#### Record set:

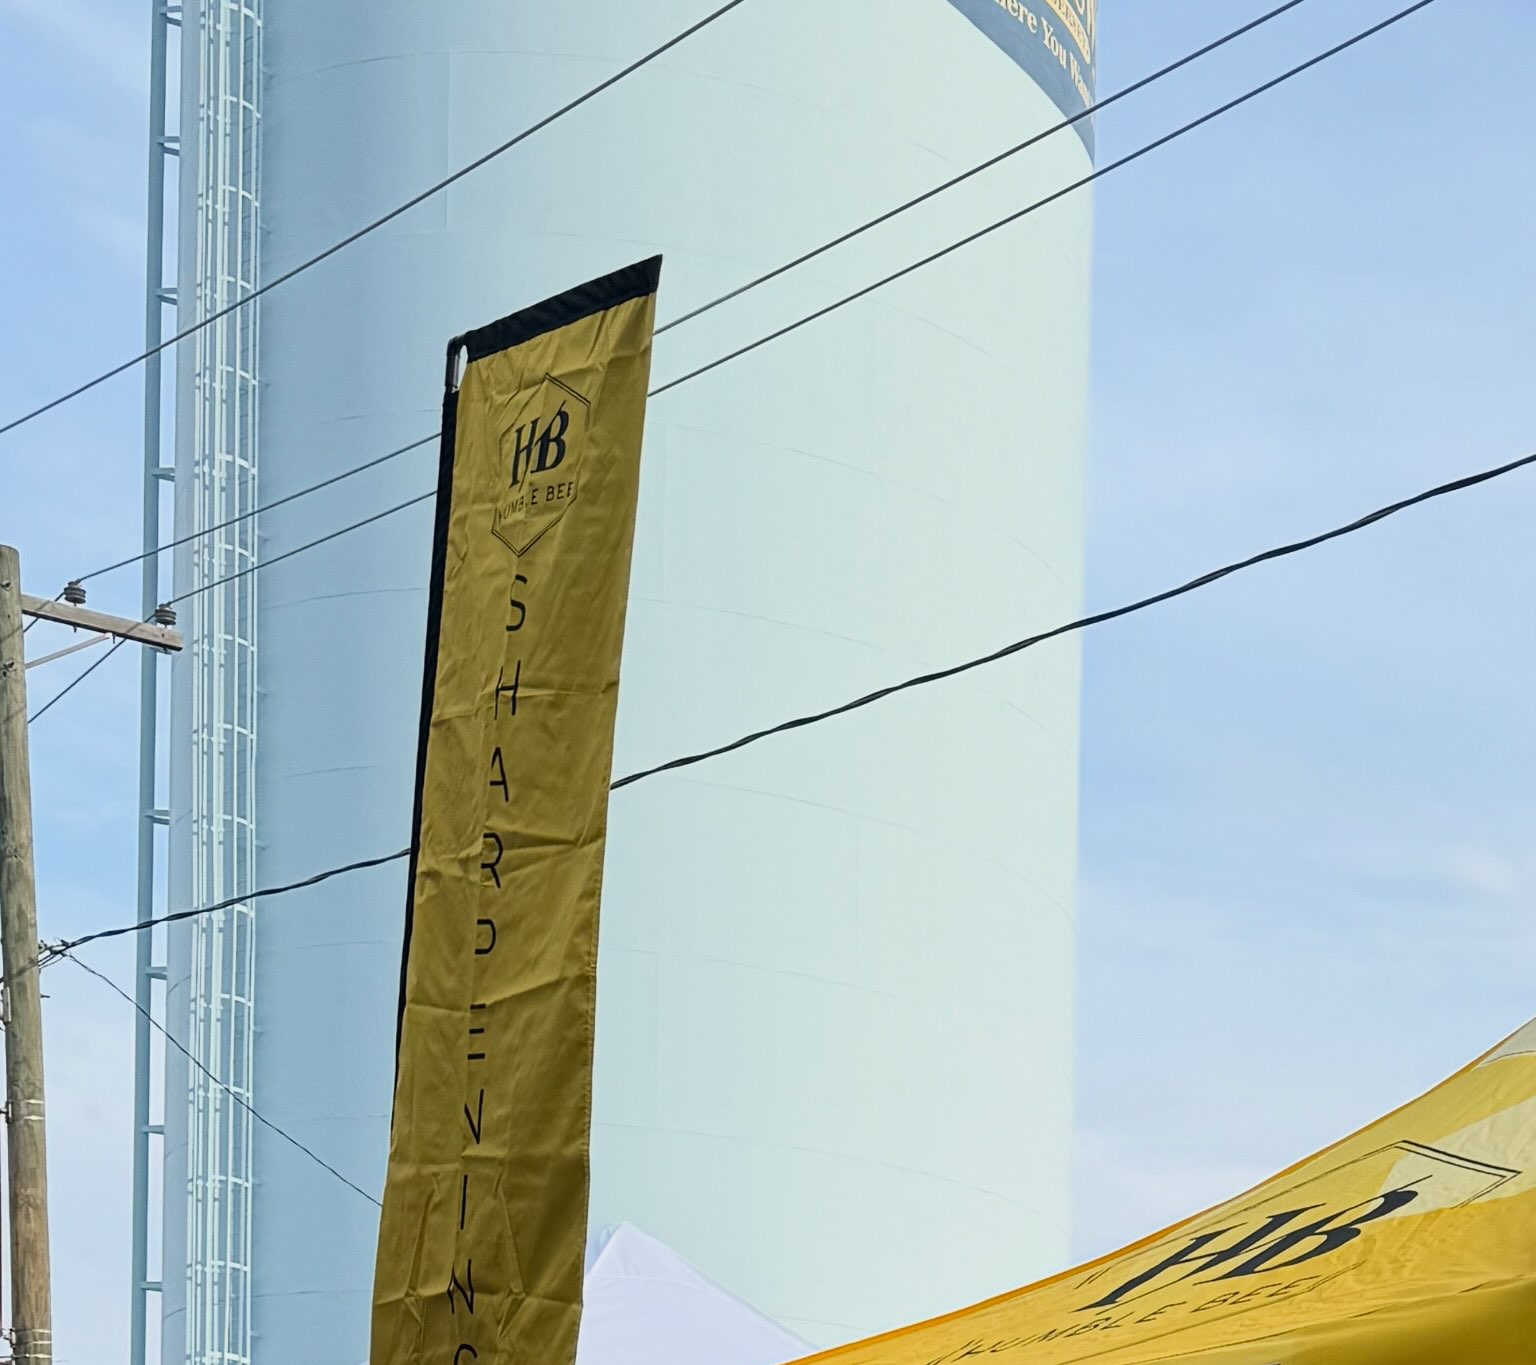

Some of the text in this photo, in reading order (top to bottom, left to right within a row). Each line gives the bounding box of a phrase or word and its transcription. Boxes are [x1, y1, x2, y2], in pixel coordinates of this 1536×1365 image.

[1041, 16, 1067, 70] You
[958, 1274, 1322, 1359] HUMBLE BEE
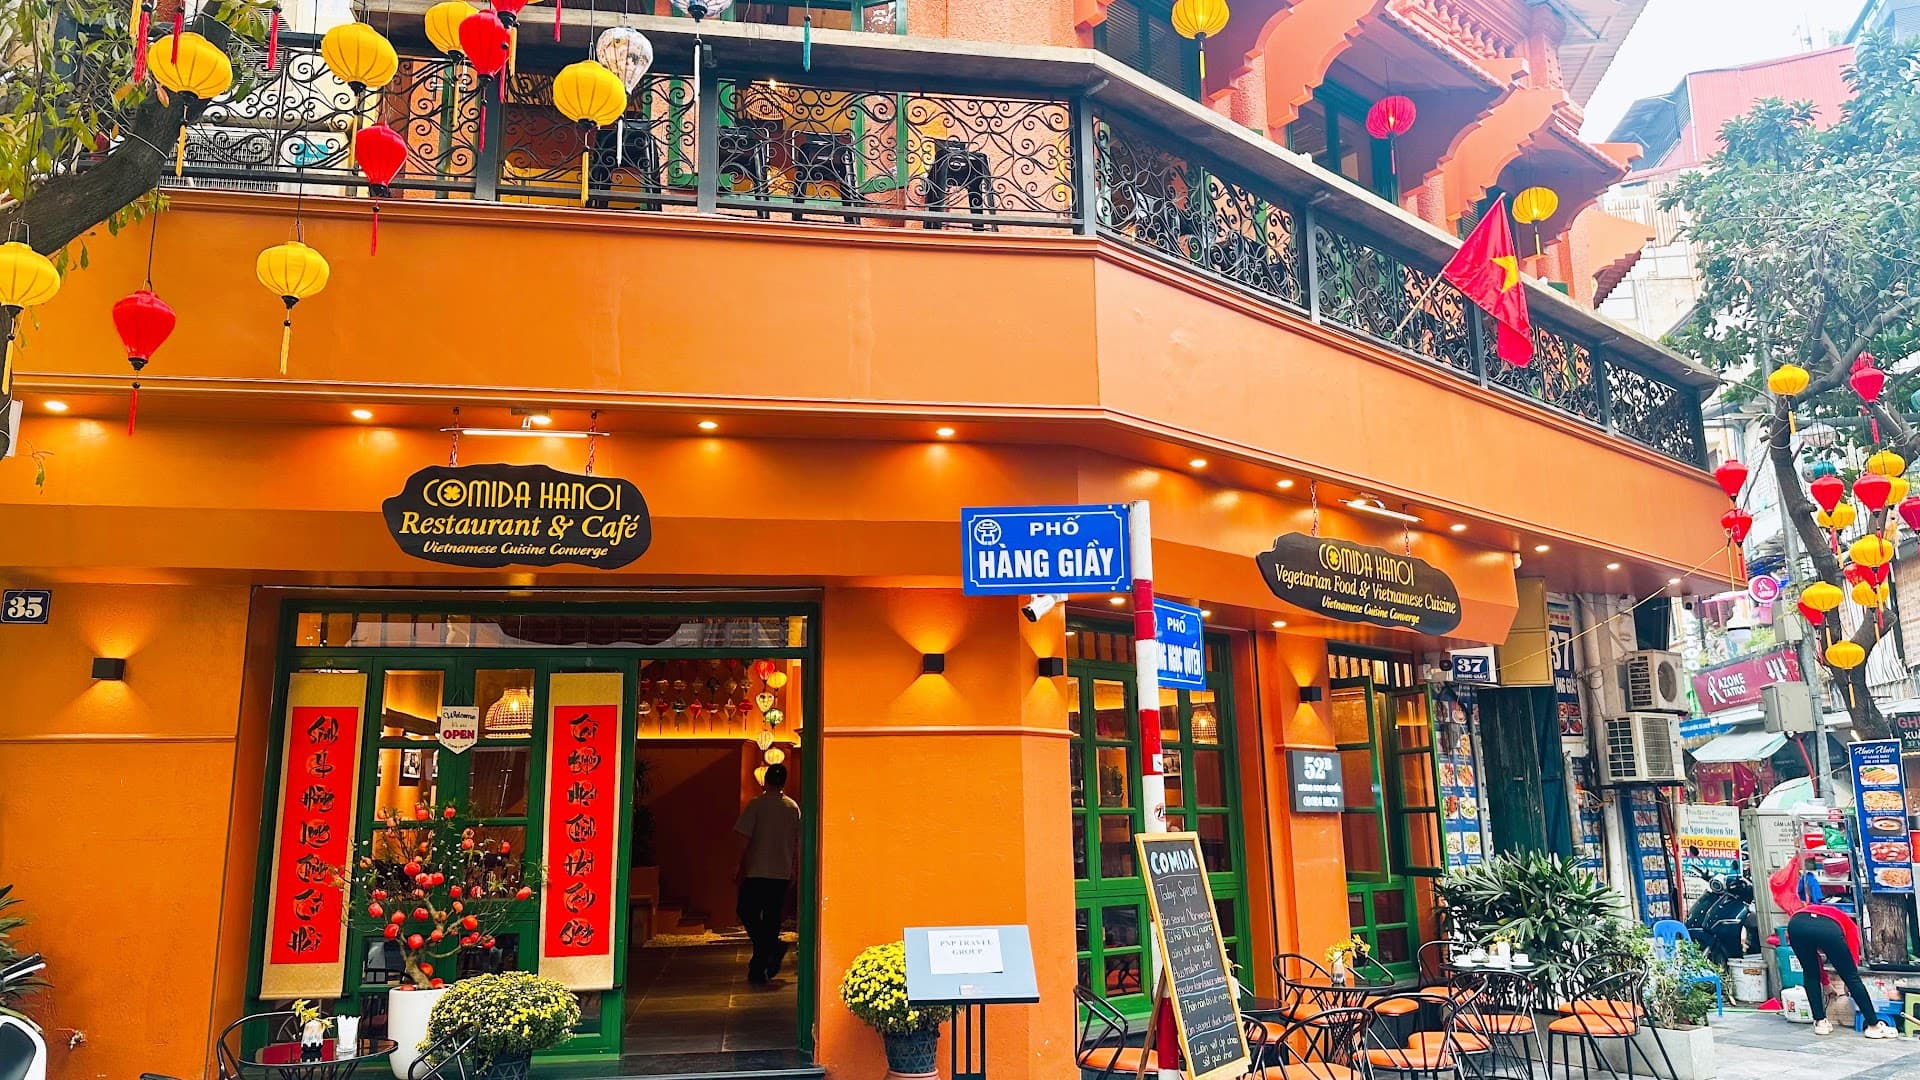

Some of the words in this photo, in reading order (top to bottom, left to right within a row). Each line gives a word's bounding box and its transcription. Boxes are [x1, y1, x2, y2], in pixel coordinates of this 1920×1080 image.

[423, 478, 531, 509] COMIDA
[540, 481, 621, 511] HANOI
[398, 511, 542, 537] Restaurant
[548, 514, 574, 540] &
[581, 514, 640, 546] Café
[1029, 515, 1081, 537] PHỐ
[423, 540, 497, 554] Vietnamese
[500, 542, 547, 556] Cuisine
[549, 543, 609, 559] Converge
[978, 543, 1050, 579] HÀNG
[1058, 539, 1115, 578] GIẦY
[1318, 543, 1373, 578] COMIDA
[1374, 554, 1415, 587] HANOI
[1275, 563, 1332, 590] Vegetarian
[1333, 574, 1358, 596] Food
[1358, 580, 1371, 599] &
[1372, 582, 1424, 608] Vietnamese
[1424, 593, 1457, 615] Cuisine
[7, 596, 43, 618] 35
[1321, 594, 1363, 614] Vietnamese
[1363, 603, 1389, 619] Cuisine
[1389, 607, 1420, 627] Converge
[1166, 613, 1186, 634] PHỐ
[1457, 658, 1484, 673] 37
[1717, 673, 1746, 690] AZONE
[1722, 684, 1747, 698] TATTOO
[1897, 716, 1920, 729] GH
[443, 730, 475, 739] OPEN
[1698, 848, 1737, 859] XCHANGE
[1706, 839, 1737, 849] OFFICE
[1150, 848, 1199, 875] COMIDA
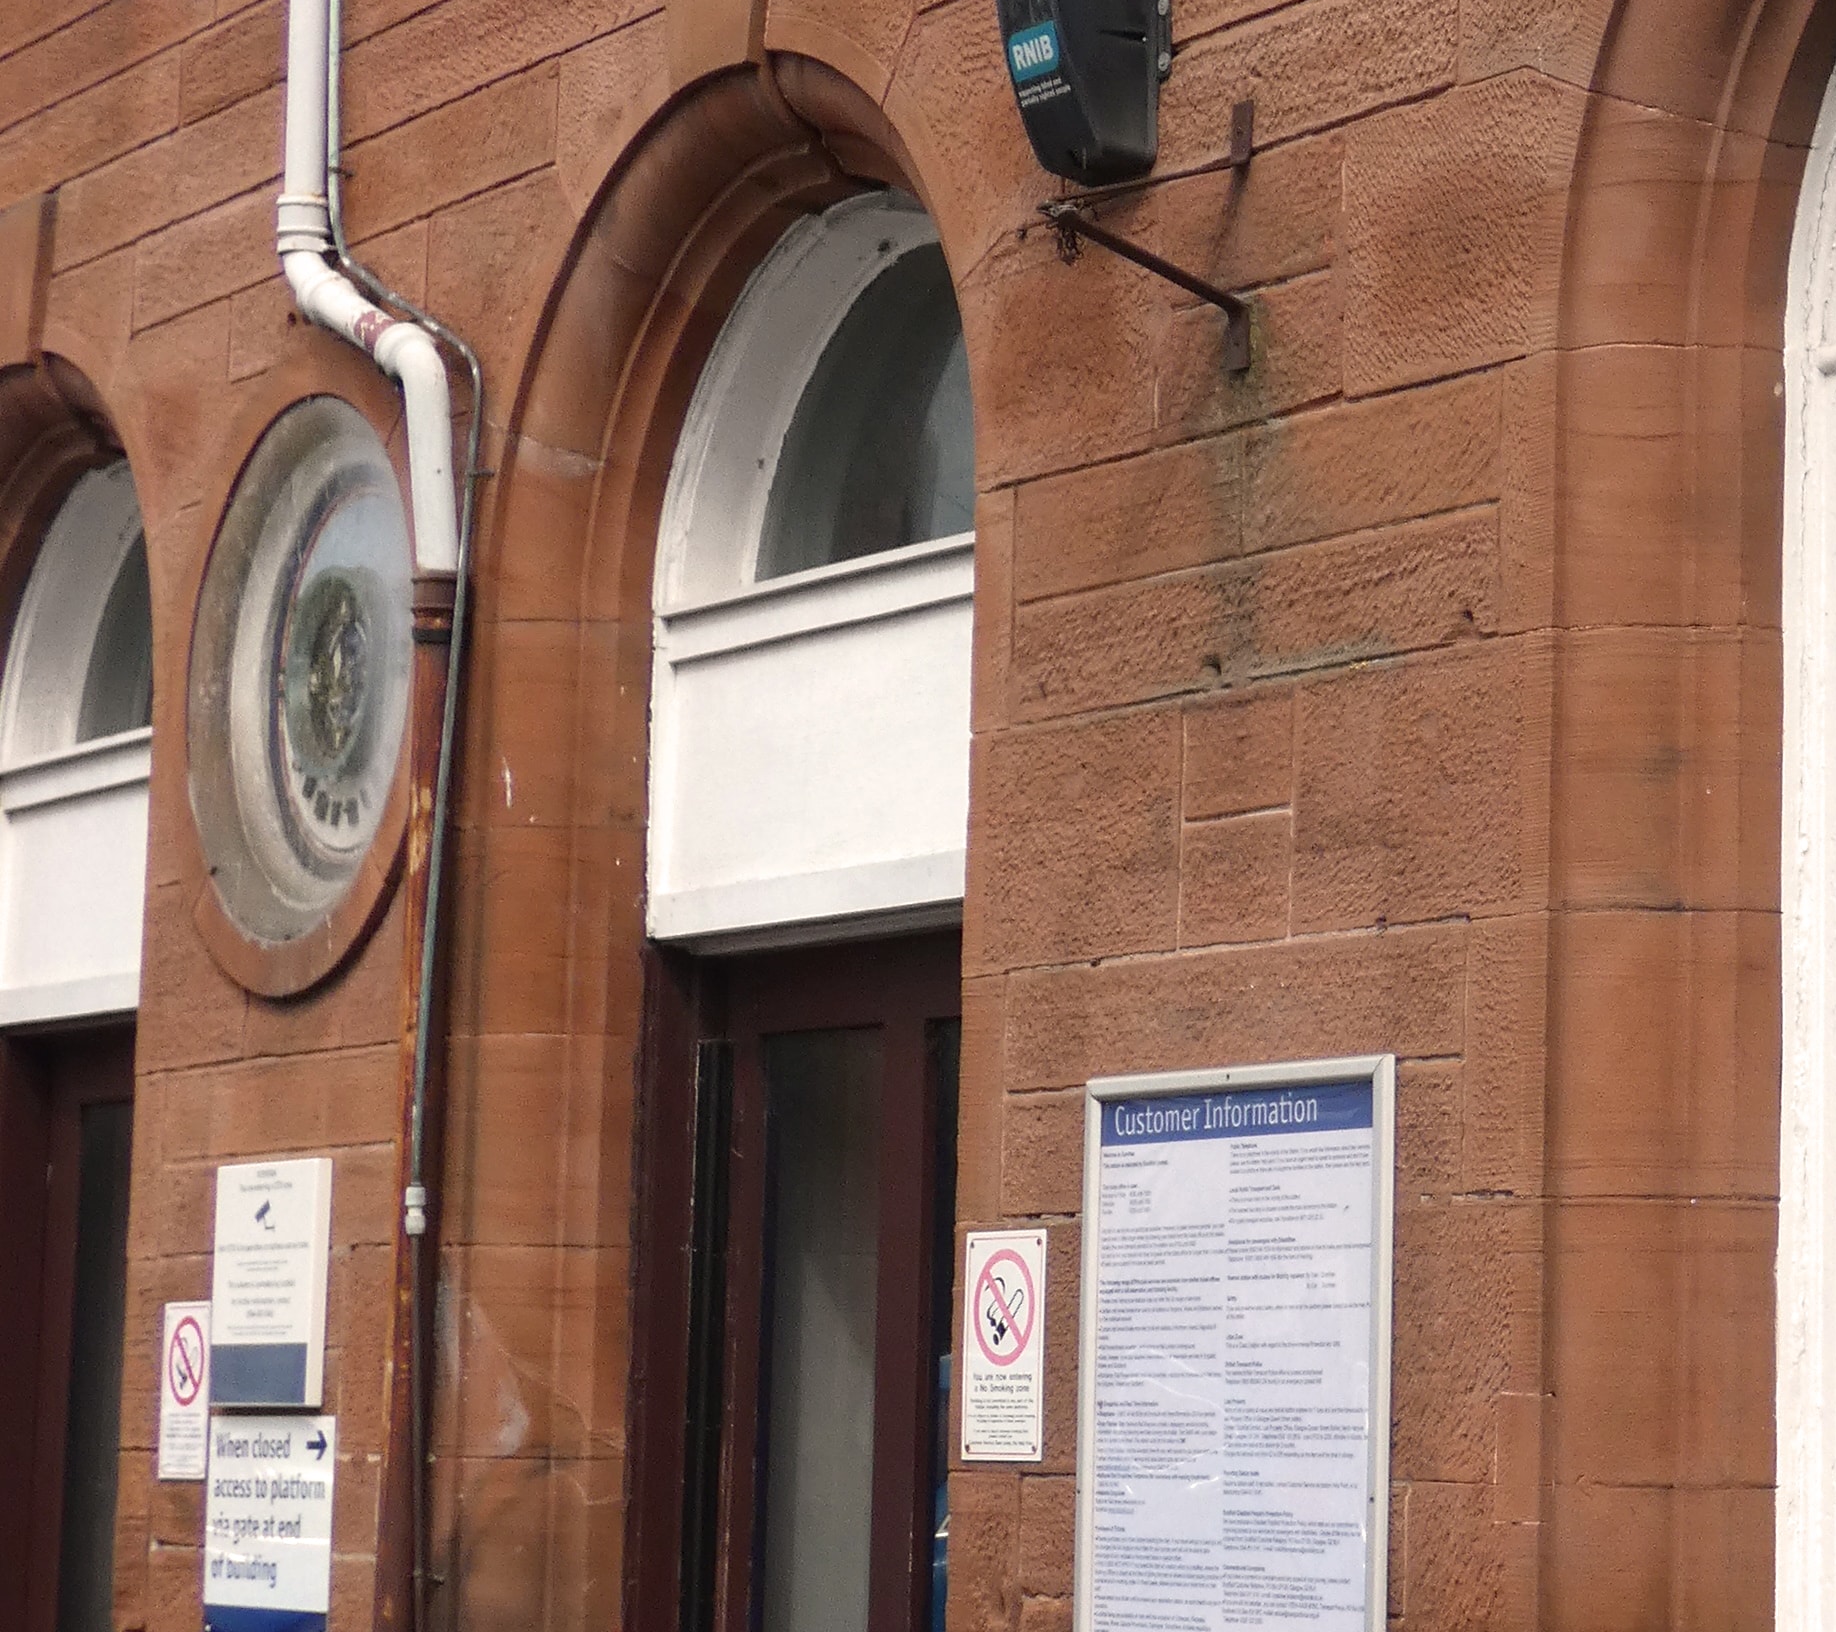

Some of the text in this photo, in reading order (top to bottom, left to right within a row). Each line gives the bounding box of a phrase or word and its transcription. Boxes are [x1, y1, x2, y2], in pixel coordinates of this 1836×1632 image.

[1012, 34, 1054, 71] RNIB
[1115, 1091, 1319, 1136] Customer Information
[980, 1384, 988, 1392] No
[990, 1384, 1014, 1394] Smoking
[215, 1432, 249, 1458] When
[252, 1431, 291, 1458] closed
[213, 1473, 326, 1504] access to platform
[212, 1511, 301, 1544] via gate at end

#### Prompt:
Write out exactly the lines from the one that contains "Some of the words" through the last line of the data above, both included. Leave every picture out.

#### Written answer:
Some of the words in this photo, in reading order (top to bottom, left to right within a row). Each line gives a word's bounding box and its transcription. Boxes are [x1, y1, x2, y2], in pixel coordinates of this 1920×1080 image.

[423, 478, 531, 509] COMIDA
[540, 481, 621, 511] HANOI
[398, 511, 542, 537] Restaurant
[548, 514, 574, 540] &
[581, 514, 640, 546] Café
[1029, 515, 1081, 537] PHỐ
[423, 540, 497, 554] Vietnamese
[500, 542, 547, 556] Cuisine
[549, 543, 609, 559] Converge
[978, 543, 1050, 579] HÀNG
[1058, 539, 1115, 578] GIẦY
[1318, 543, 1373, 578] COMIDA
[1374, 554, 1415, 587] HANOI
[1275, 563, 1332, 590] Vegetarian
[1333, 574, 1358, 596] Food
[1358, 580, 1371, 599] &
[1372, 582, 1424, 608] Vietnamese
[1424, 593, 1457, 615] Cuisine
[7, 596, 43, 618] 35
[1321, 594, 1363, 614] Vietnamese
[1363, 603, 1389, 619] Cuisine
[1389, 607, 1420, 627] Converge
[1166, 613, 1186, 634] PHỐ
[1457, 658, 1484, 673] 37
[1717, 673, 1746, 690] AZONE
[1722, 684, 1747, 698] TATTOO
[1897, 716, 1920, 729] GH
[443, 730, 475, 739] OPEN
[1698, 848, 1737, 859] XCHANGE
[1706, 839, 1737, 849] OFFICE
[1150, 848, 1199, 875] COMIDA

Some of the text in this photo, in reading order (top to bottom, left to right within a row). Each line gives the bounding box of a phrase or word and its transcription. Boxes are [x1, y1, x2, y2], in pixel coordinates of this 1836×1632 image.

[1012, 34, 1054, 71] RNIB
[1115, 1091, 1319, 1136] Customer Information
[980, 1384, 988, 1392] No
[990, 1384, 1014, 1394] Smoking
[215, 1432, 249, 1458] When
[252, 1431, 291, 1458] closed
[213, 1473, 326, 1504] access to platform
[212, 1511, 301, 1544] via gate at end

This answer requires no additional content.